DATA FOR ANALYSIS →
• • • • • • •

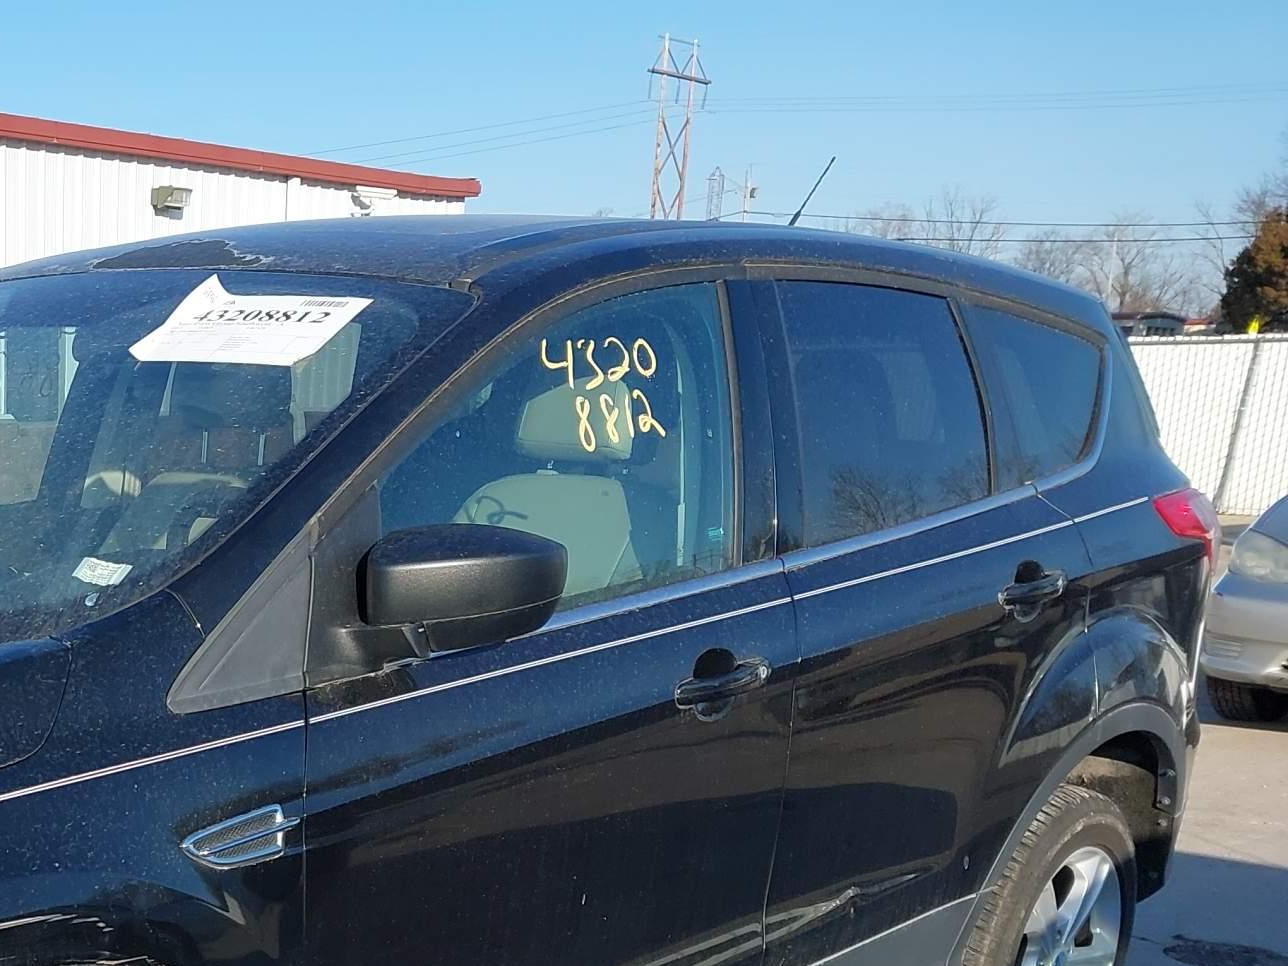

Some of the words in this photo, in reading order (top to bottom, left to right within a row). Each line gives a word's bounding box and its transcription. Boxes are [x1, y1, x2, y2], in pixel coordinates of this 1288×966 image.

[192, 309, 332, 324] 43208812
[541, 336, 657, 391] 4320
[575, 389, 667, 453] 8812
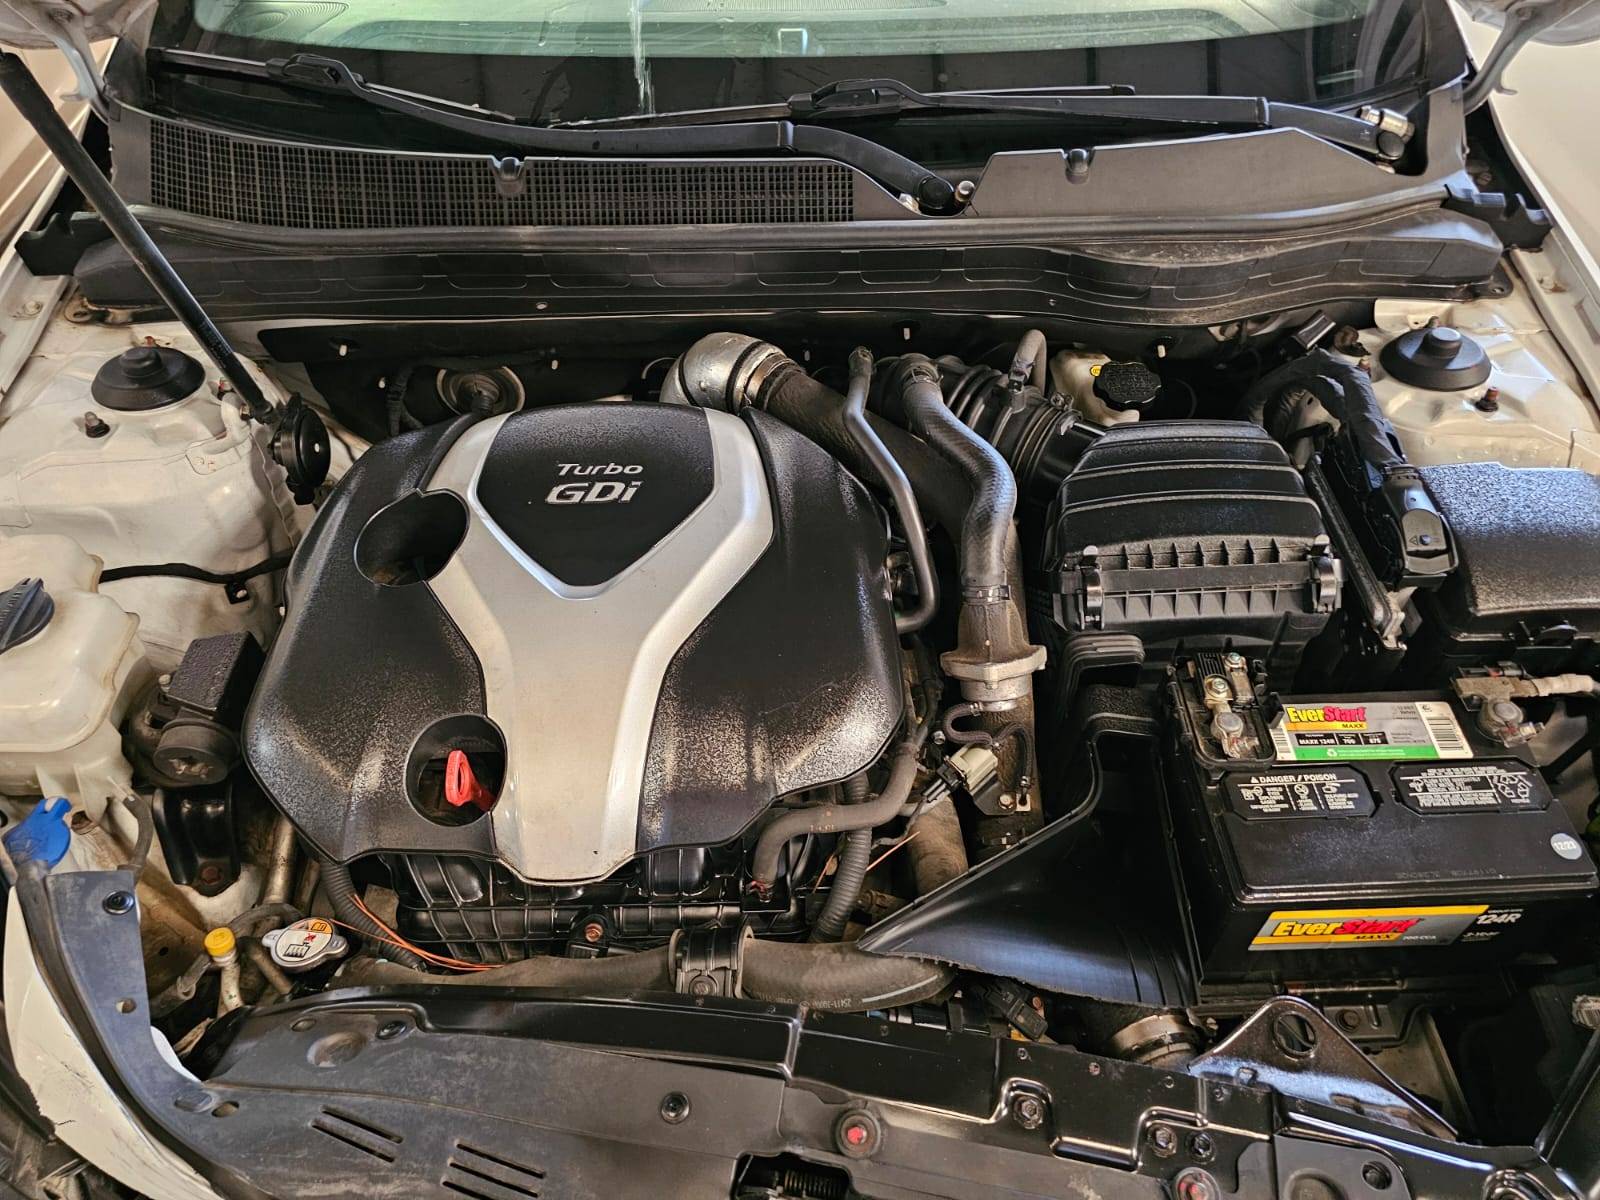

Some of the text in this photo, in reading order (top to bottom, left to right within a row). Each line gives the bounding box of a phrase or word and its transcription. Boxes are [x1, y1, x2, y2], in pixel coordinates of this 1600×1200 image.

[557, 462, 644, 475] Turbo
[546, 481, 643, 504] GDi
[1286, 706, 1367, 723] EverStart
[1259, 775, 1296, 783] DANGER
[1304, 773, 1337, 782] POISON
[1476, 913, 1522, 925] 124R
[1272, 918, 1421, 936] EverStart

• • • • • • •

REQUIRED WORK → Pictures aside, the material must be written out word for word.

RESPONSE TO THIS EXERCISE →
Some of the words in this photo, in reading order (top to bottom, left to right within a row). Each line gives a word's bounding box and its transcription. Boxes are [x1, y1, x2, y2], in pixel coordinates of this 1288×966 image.

[192, 309, 332, 324] 43208812
[541, 336, 657, 391] 4320
[575, 389, 667, 453] 8812

Some of the text in this photo, in reading order (top to bottom, left to right within a row). Each line gives the bounding box of a phrase or word and its transcription. Boxes are [x1, y1, x2, y2], in pixel coordinates of this 1600×1200 image.

[557, 462, 644, 475] Turbo
[546, 481, 643, 504] GDi
[1286, 706, 1367, 723] EverStart
[1259, 775, 1296, 783] DANGER
[1304, 773, 1337, 782] POISON
[1476, 913, 1522, 925] 124R
[1272, 918, 1421, 936] EverStart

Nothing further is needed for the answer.